◆ Task requirements:
From the line with "this 1660×1107 image." to the end of the data below, restate each line word for word, both ends included, without the pictures.
-*-
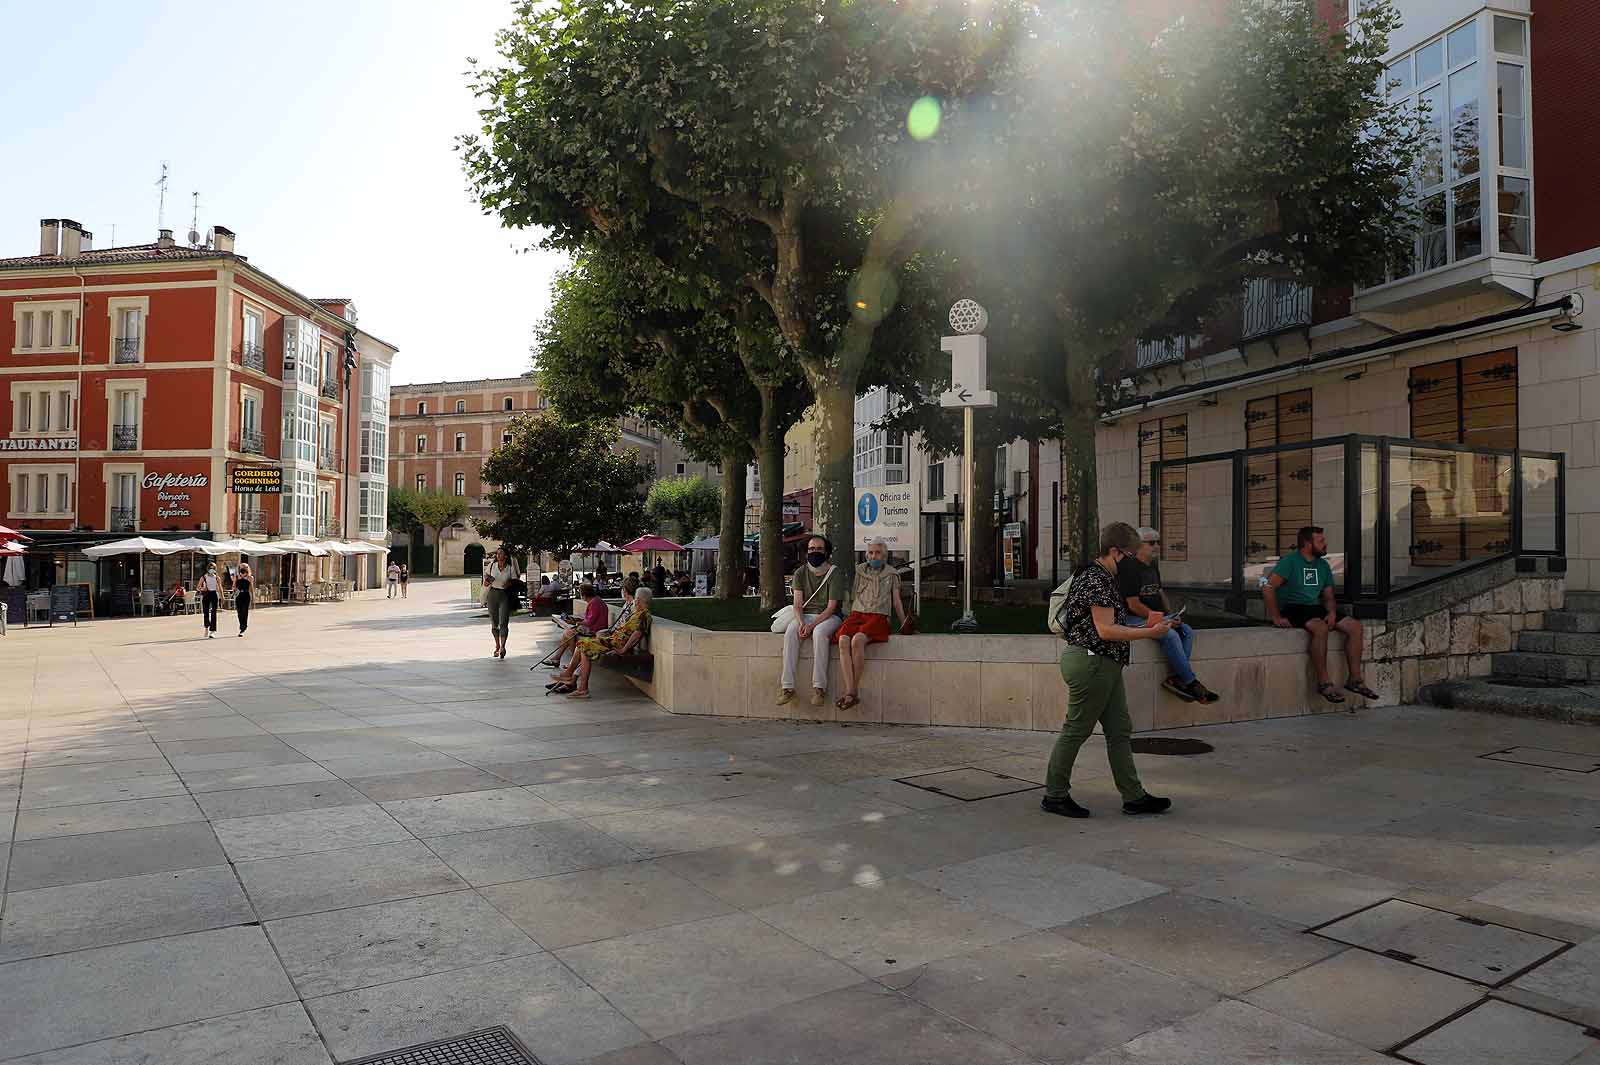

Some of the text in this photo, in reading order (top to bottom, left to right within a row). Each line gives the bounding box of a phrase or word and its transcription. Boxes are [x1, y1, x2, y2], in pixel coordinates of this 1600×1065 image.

[0, 439, 77, 449] TAURANTE
[142, 472, 208, 490] Cafetería
[157, 492, 191, 501] Rincón
[880, 492, 911, 502] Oficina de
[157, 507, 190, 519] España
[883, 507, 908, 516] Turismo
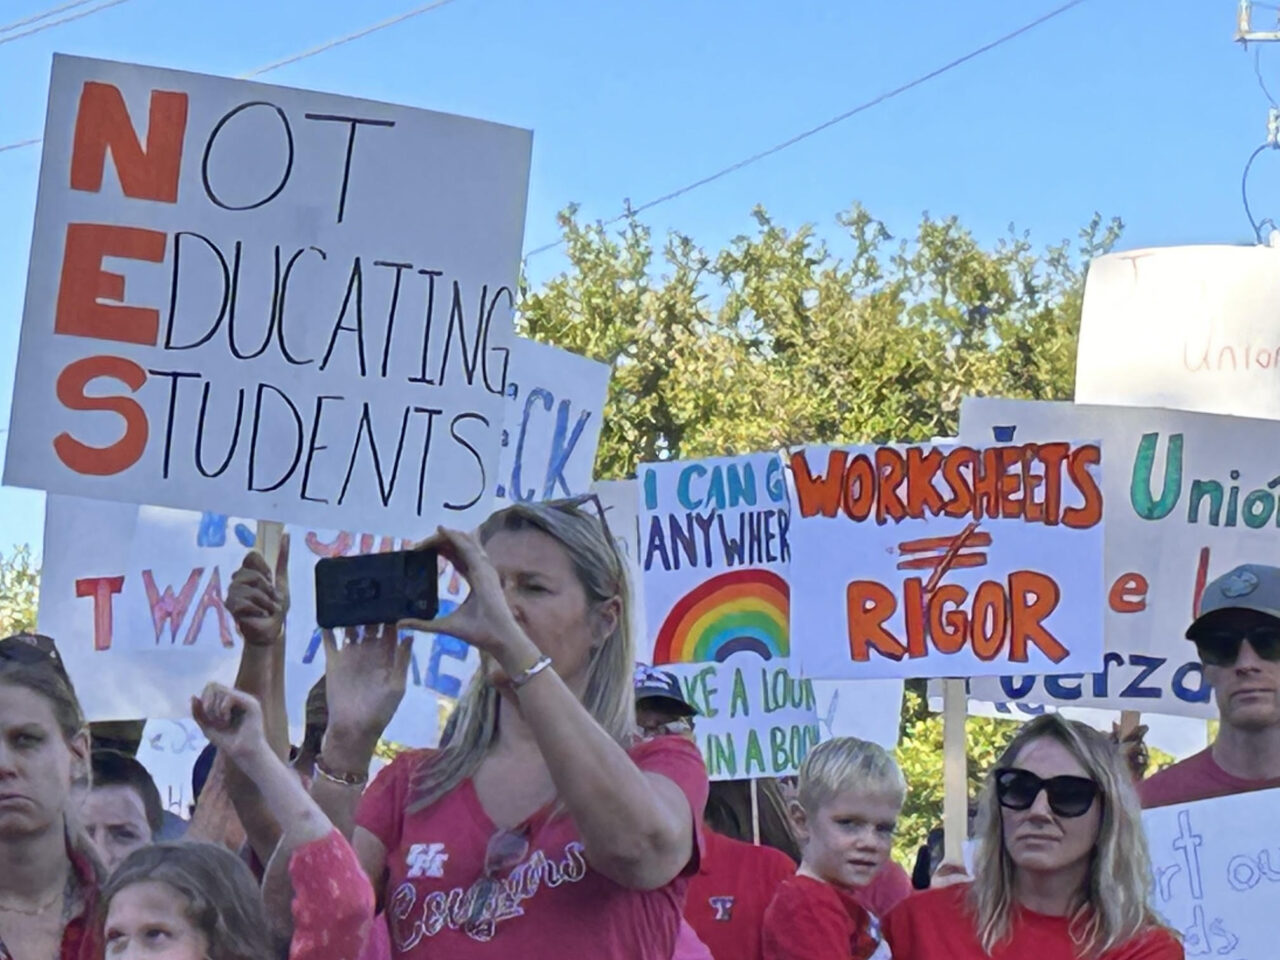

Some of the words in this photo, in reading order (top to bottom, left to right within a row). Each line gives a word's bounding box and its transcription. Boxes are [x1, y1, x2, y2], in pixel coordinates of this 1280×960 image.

[71, 81, 396, 223] NOT
[54, 222, 517, 398] EDUCATING
[53, 355, 490, 516] STUDENTS
[495, 387, 593, 500] CK
[677, 462, 757, 511] CAN
[792, 442, 1104, 530] WORKSHEETS
[847, 570, 1070, 662] RIGOR
[730, 668, 749, 718] A
[966, 652, 1213, 705] uerza
[705, 731, 737, 777] IN
[745, 729, 765, 774] A
[771, 725, 820, 773] BOO
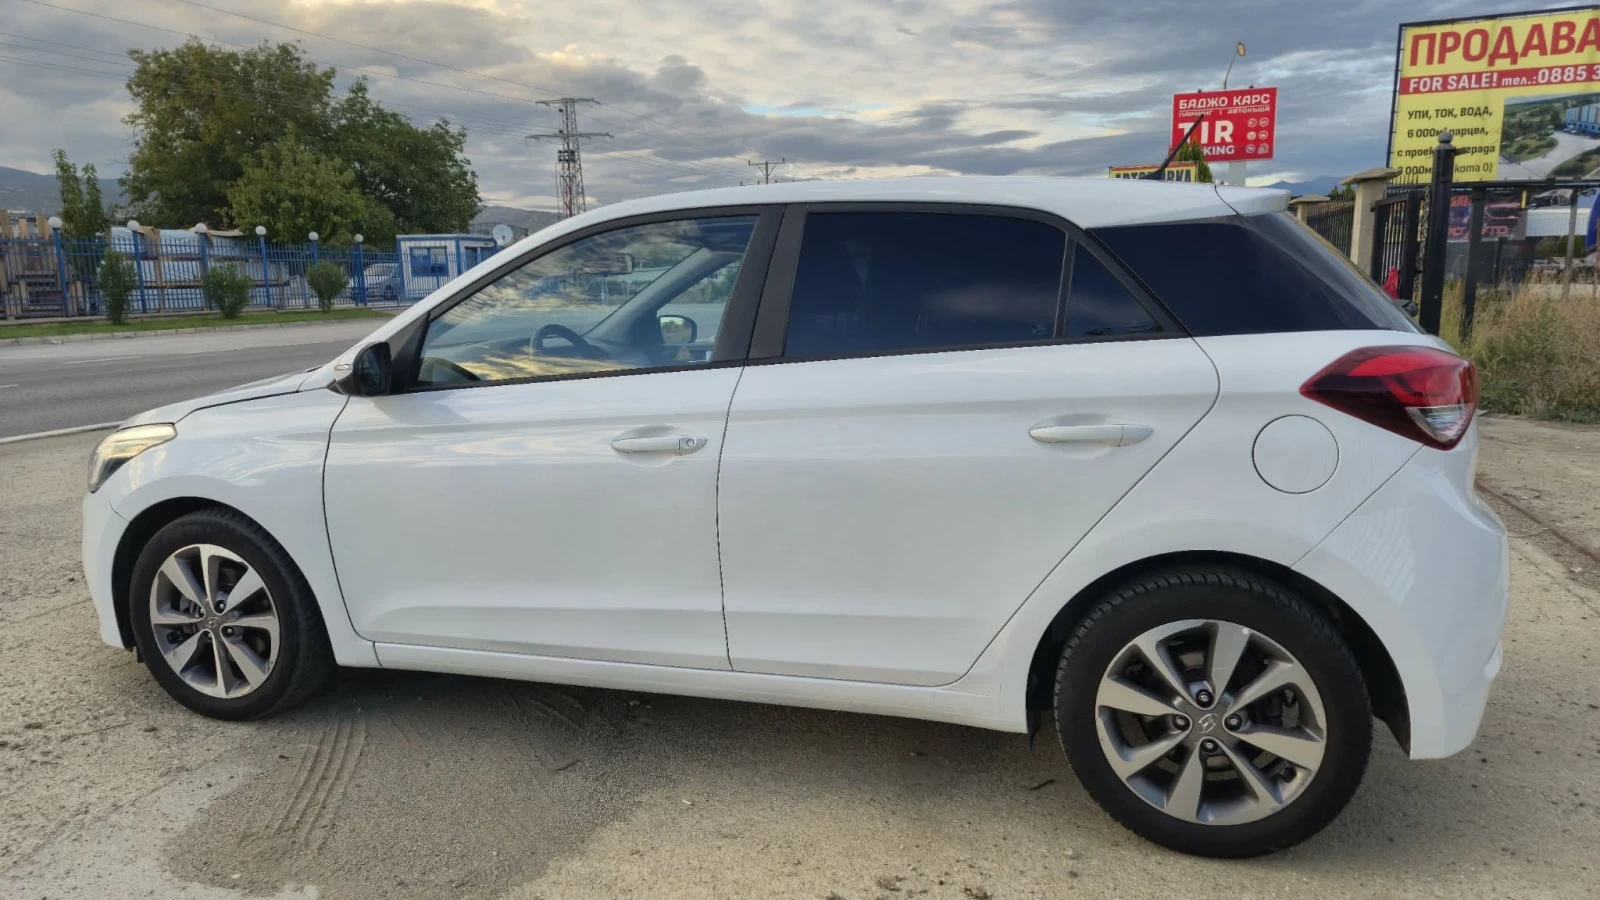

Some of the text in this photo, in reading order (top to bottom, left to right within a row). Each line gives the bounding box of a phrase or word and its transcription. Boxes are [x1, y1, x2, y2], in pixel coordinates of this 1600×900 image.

[1408, 77, 1442, 93] FOR
[1447, 72, 1498, 90] SALE!
[1179, 94, 1270, 109] БАДЖО КАРС
[1408, 106, 1493, 120] УПИ, ТОК, ВОДА,
[1178, 120, 1234, 145] TIR
[1407, 129, 1413, 138] 6
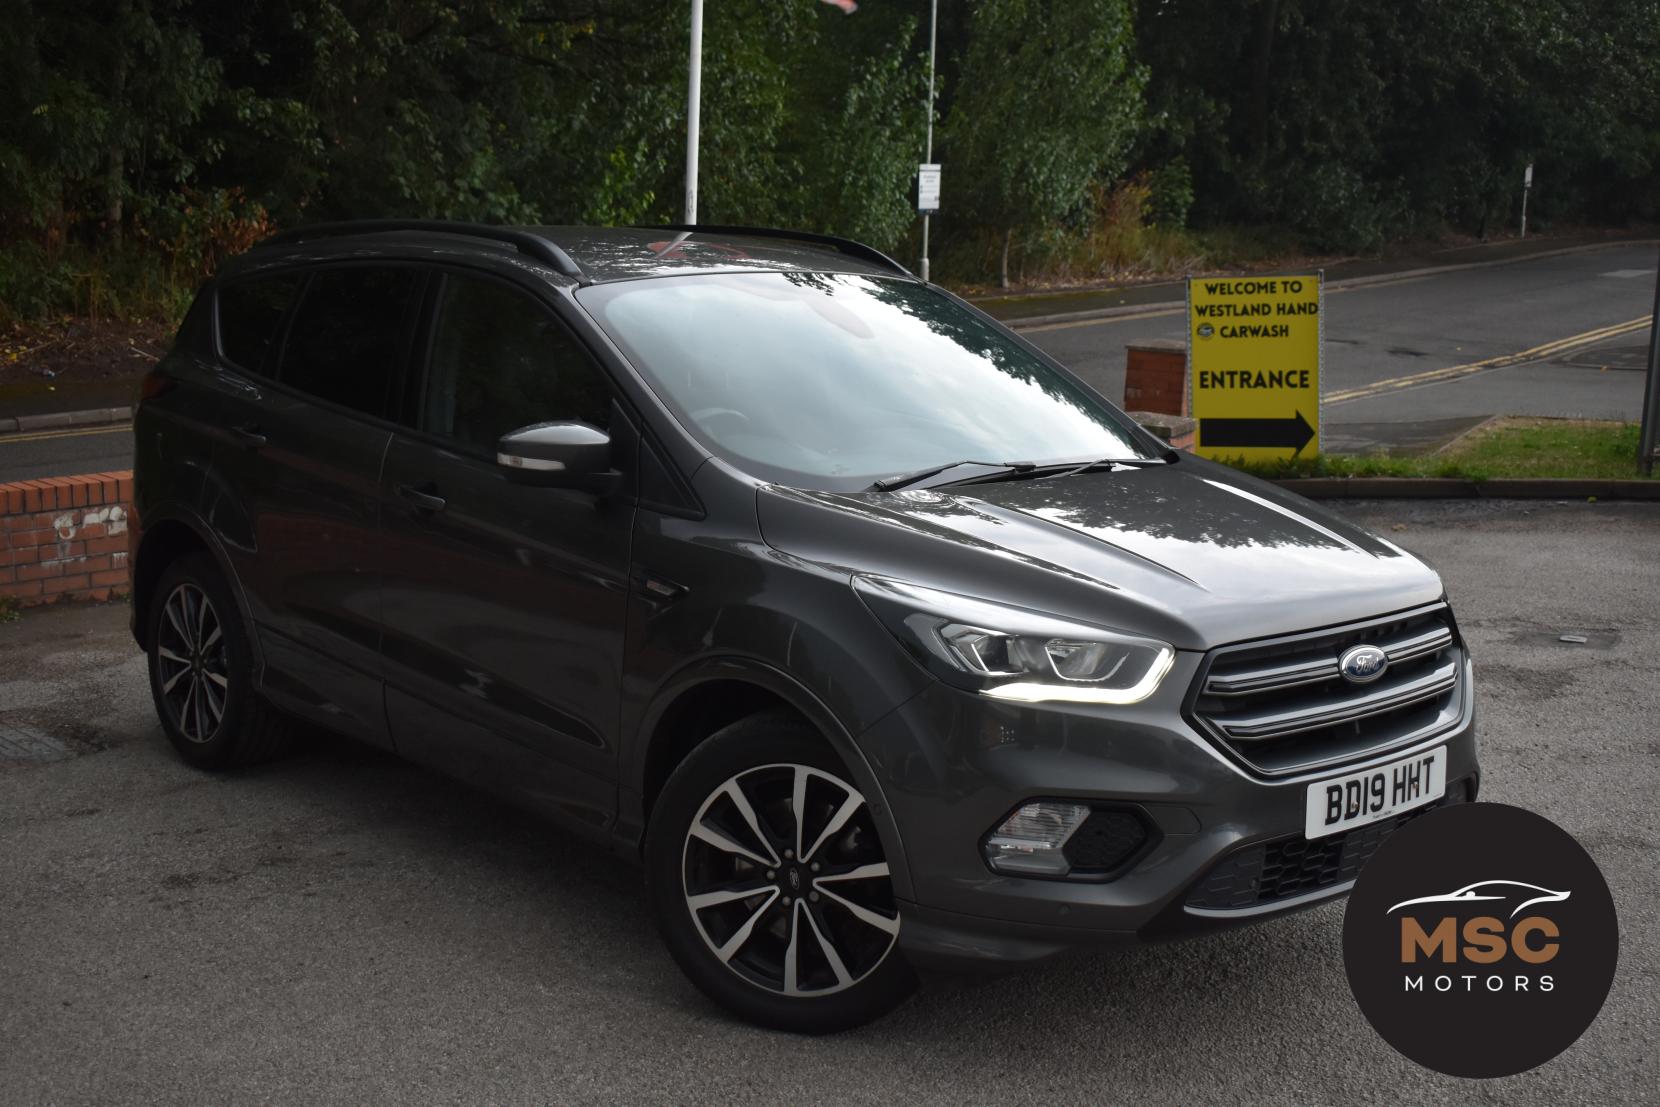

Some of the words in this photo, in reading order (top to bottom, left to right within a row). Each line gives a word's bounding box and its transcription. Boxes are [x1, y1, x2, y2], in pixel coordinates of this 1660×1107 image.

[1205, 281, 1277, 295] WELCOME
[1281, 281, 1303, 293] TO
[1195, 303, 1272, 317] WESTLAND
[1276, 302, 1318, 315] HAND
[1219, 325, 1289, 338] CARWASH
[1199, 370, 1310, 389] ENTRANCE
[1356, 654, 1380, 673] Ford
[1325, 772, 1386, 826] BD19
[1391, 755, 1435, 807] HHT
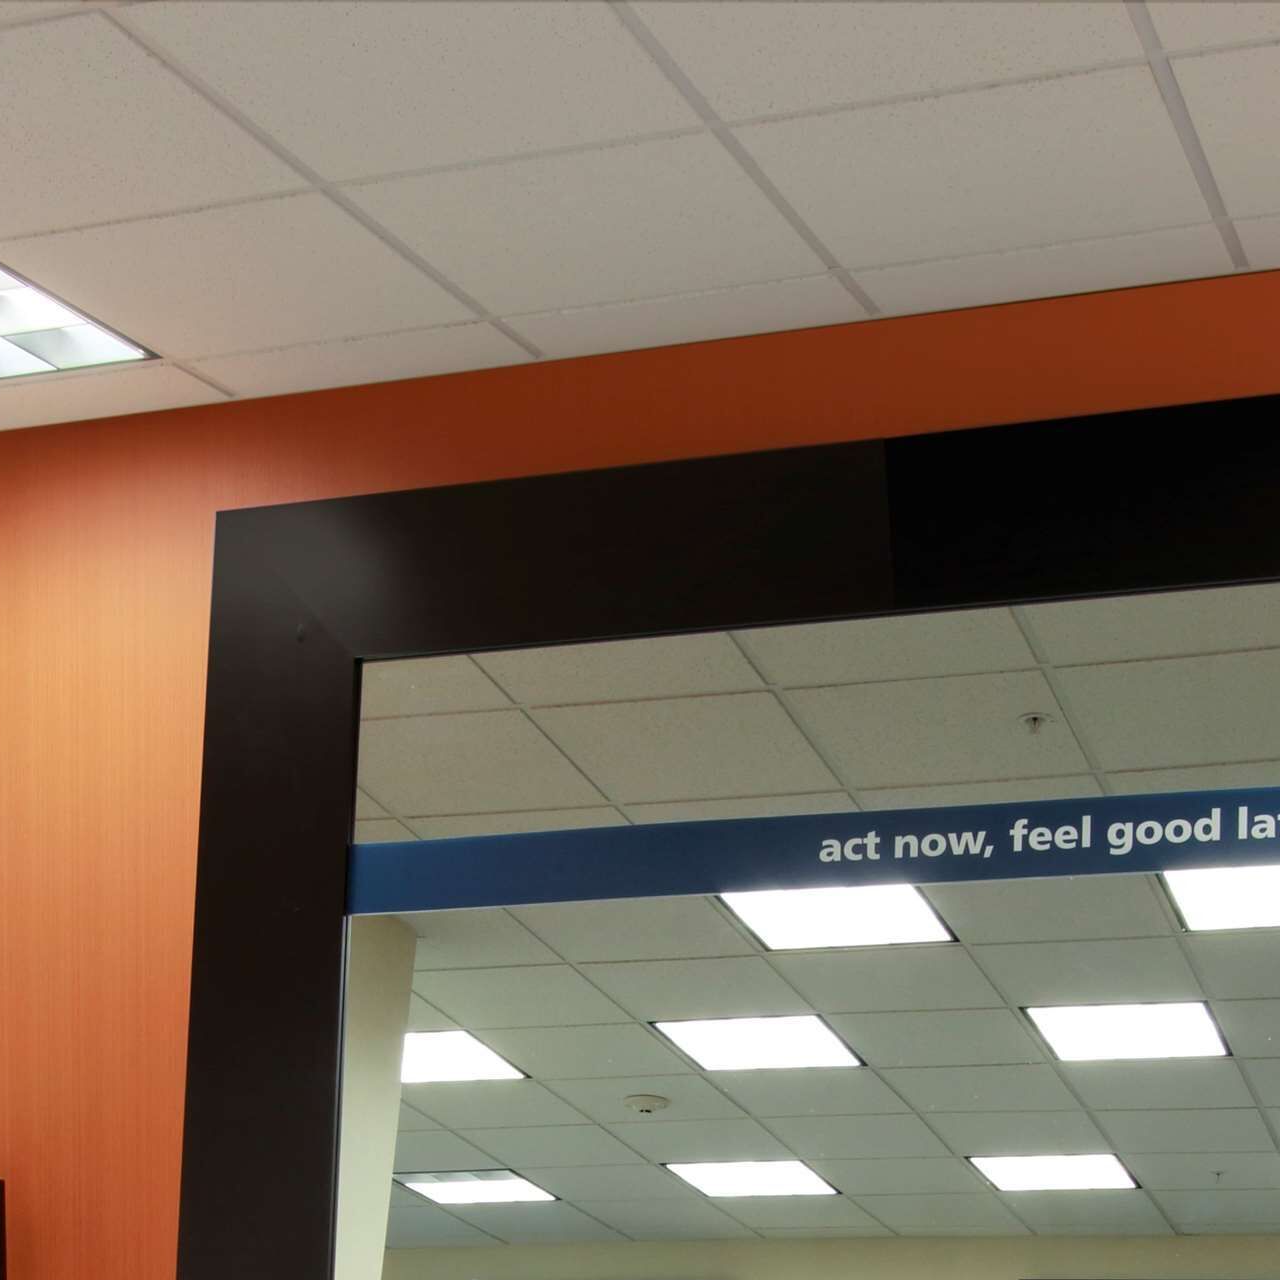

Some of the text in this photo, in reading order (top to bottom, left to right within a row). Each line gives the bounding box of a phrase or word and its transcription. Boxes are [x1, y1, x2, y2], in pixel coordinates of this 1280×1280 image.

[819, 830, 881, 862] act
[894, 830, 994, 859] now,
[1010, 815, 1092, 852] feel
[1107, 807, 1221, 856] good
-*-
◆ Task output:
Some of the words in this photo, in reading order (top to bottom, left to right within a row). Each line gives a word's bounding box and its transcription. Boxes are [x1, y1, x2, y2], in pixel coordinates of this 1660×1107 image.

[1205, 281, 1277, 295] WELCOME
[1281, 281, 1303, 293] TO
[1195, 303, 1272, 317] WESTLAND
[1276, 302, 1318, 315] HAND
[1219, 325, 1289, 338] CARWASH
[1199, 370, 1310, 389] ENTRANCE
[1356, 654, 1380, 673] Ford
[1325, 772, 1386, 826] BD19
[1391, 755, 1435, 807] HHT

Some of the text in this photo, in reading order (top to bottom, left to right within a row). Each line gives the bounding box of a phrase or word and its transcription. Boxes are [x1, y1, x2, y2], in pixel coordinates of this 1280×1280 image.

[819, 830, 881, 862] act
[894, 830, 994, 859] now,
[1010, 815, 1092, 852] feel
[1107, 807, 1221, 856] good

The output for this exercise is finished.